CI/CD for Snowflake: Agility and Governance

by | Apr 28, 2020 | BlogPosts, Community, IoT, Snowflake | 0 comments

What are Snowflake Customers asking for today?

Data Governance is at the core of what many Snowflake users want.  As Frank Slootman said, after coming back from his recent “Black Diamond Executive Council” roundtable discussion between Snowflake and a dozen of their key customers worldwide: 

Data governance is a key driver for customers choosing Snowflake. Beyond cloud scale and performance, our major enterprise customers are signalling that one of the most critical values delivered by the Snowflake Cloud Data Platform is the measure of data governance the platform affords them. Basically, they’re saying, “When my data is in Snowflake, I know it’s governed. And therefore, I can rest easy.”  And they’re right.

When you ingest data into a cloud data platform through defined processes and it’s controlled, managed, and monitored by a single security model, you make great strides toward data governance, especially compared with traditional data lakes. Data lake initiatives often boil down to improving storage economics through data consolidation, but the benefits get thin after that. And as we’ve pointed out before, the security provisions in a data lake are in many areas an exercise left to the user, and have- led to several high-profile breaches.”

– Governing Data, Frank Slootman

So, Snowflake automatically brings with it data governance that traditional data lakes do not.  However, customers still need to respond to demand from their business users with agility and speed.  There is still a tension between Governance and Agility, as Kent Graziano, Chief Technical Evangelist at Snowflake, comments:

I speak to our biggest customers all over the globe frequently, and many of them are asking me about agility and governance.  They ask me questions like ……. how can I do CI/CD for Snowflake so I can deliver value faster?

– Kent Graziano, Chief Technical Evangelist at Snowflake

Who is asking for CI/CD, why do they need it, and what’s the challenge?

In the world of cloud software development, Continuous Integration / Continuous Deployment cleverly allows enhancements and bug fixes to be deployed without any downtime, as soon as they’re ready and without users even noticing (except when they see a fix or new feature).  At the same time, CI/CD provides version control, automated testing, change control processes and automated release management.  Having one, integrated CI/CD process led to the birth of “DevOps”, where developers also impact operations; their toolset is one unified process of making and deploying changes – both agile and governed.

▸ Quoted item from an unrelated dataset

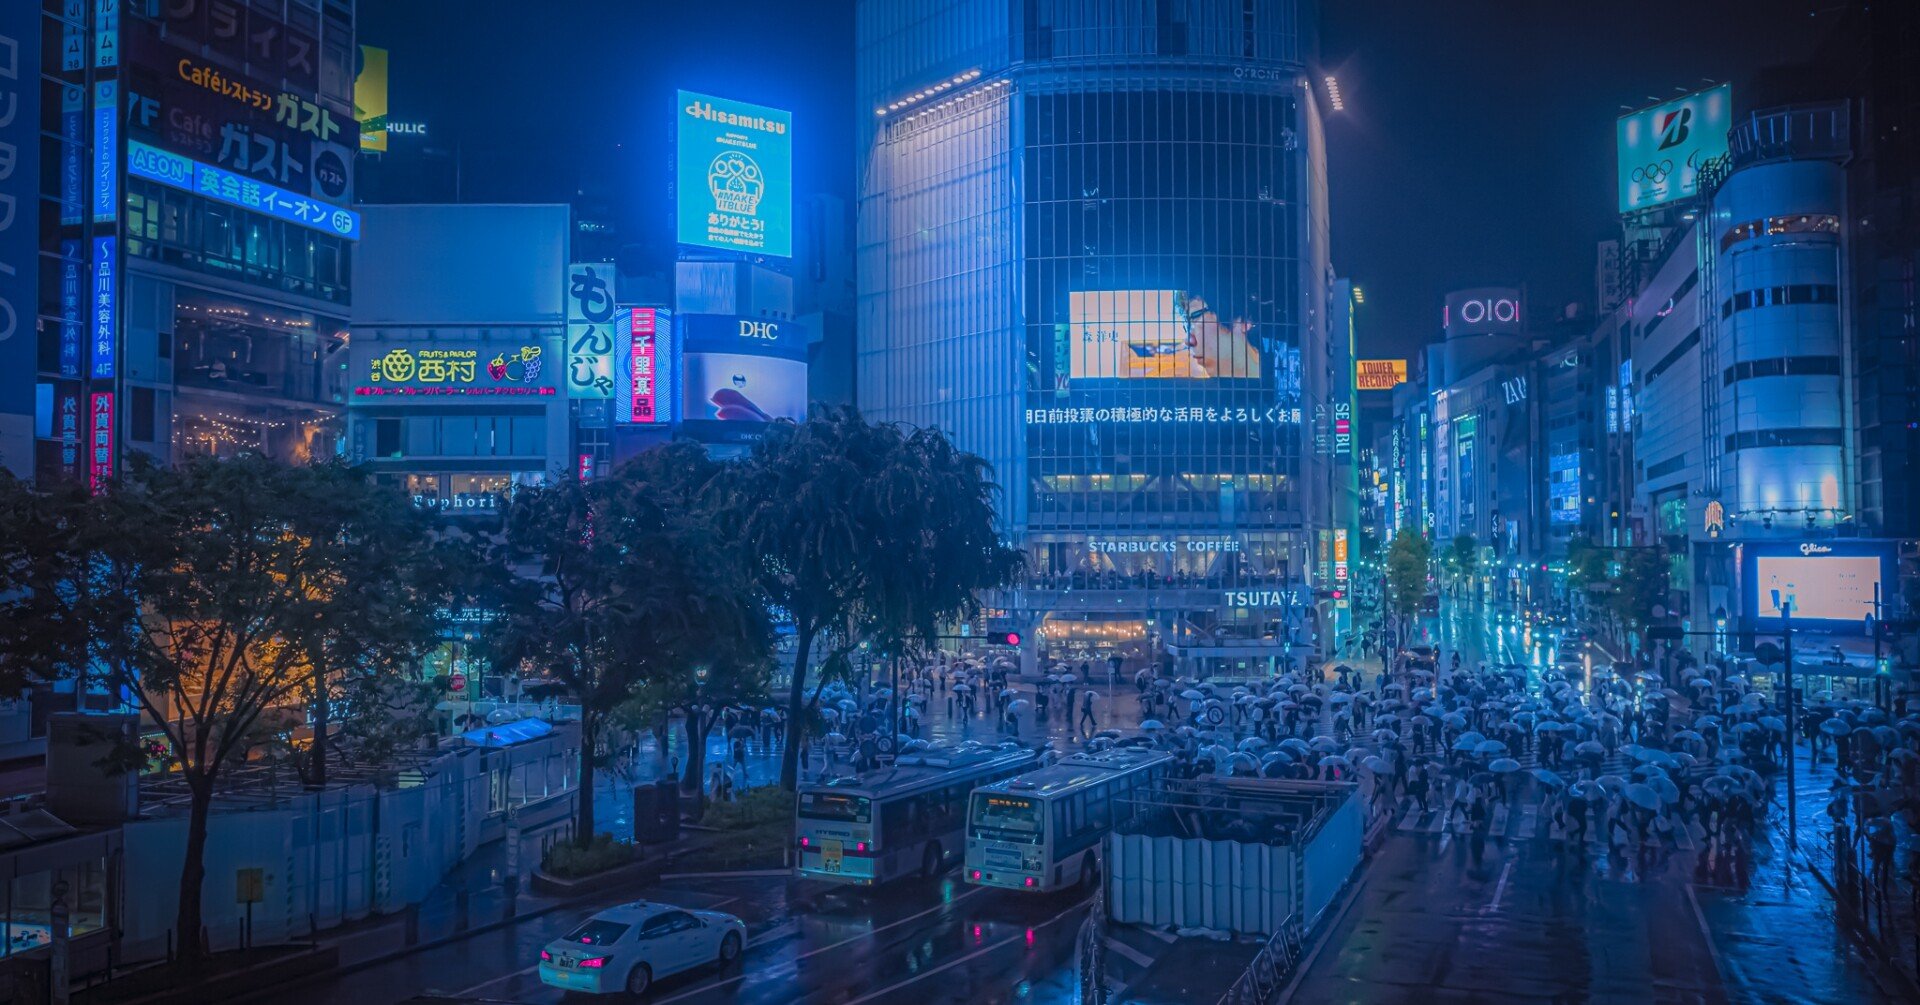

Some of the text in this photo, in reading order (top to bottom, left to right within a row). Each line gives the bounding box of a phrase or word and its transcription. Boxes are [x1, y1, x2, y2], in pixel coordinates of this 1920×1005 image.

Until recently, data engineers could only dream of having something similar to their software development brethren.  What if you could combine the agility of rapidly changing data ingestion and enrichment with the governance enterprises need to stay in control of their key data assets?  Some sort of CI/CD for data, with data engineers becoming “DataOps”.

Legacy data warehouses, like earlier software development environments, just didn’t have the tools and technologies to enable this.  Not without spending megabucks.  But Snowflake is now showing the way; the pipe dream is becoming reality.

When they consider it, data engineers can see their organisations would benefit from DataOps.  Now, because they are launching into a new paradigm by moving their data into the cloud with Snowflake, and because Snowflake has the features to support it, there is an opportunity to deliver on the promise of agility through a governed and auditable CI/CD process.

Starting the DataOps journey

Data engineers quickly learn that CI/CD for data extends beyond simply managing tables and pipelines.  Rather it starts with where they get the data and ends with where they deliver it to, or who they share it with. CI/CD covers the entire data pipeline from source to target, including the data journey through the Snowflake Cloud Data Platform.  They are now in the realm of DataOps – the next step is to adopt #TrueDataOps.

DataOps not a widely-used term within the Snowflake ecosystem.  Instead, customers are asking for CI/CD for Snowflake.  But CI/CD is only one pillar of the seven pillars of #TrueDataOps.  

When the issue of CI/CD is raised, we need to ask those same customers if they also need or want any of the other pillars: 

If they say “yes” to even a few of those pillars, they are asking for more than “just” CI/CD for Snowflake. They are asking for DataOps for Snowflake.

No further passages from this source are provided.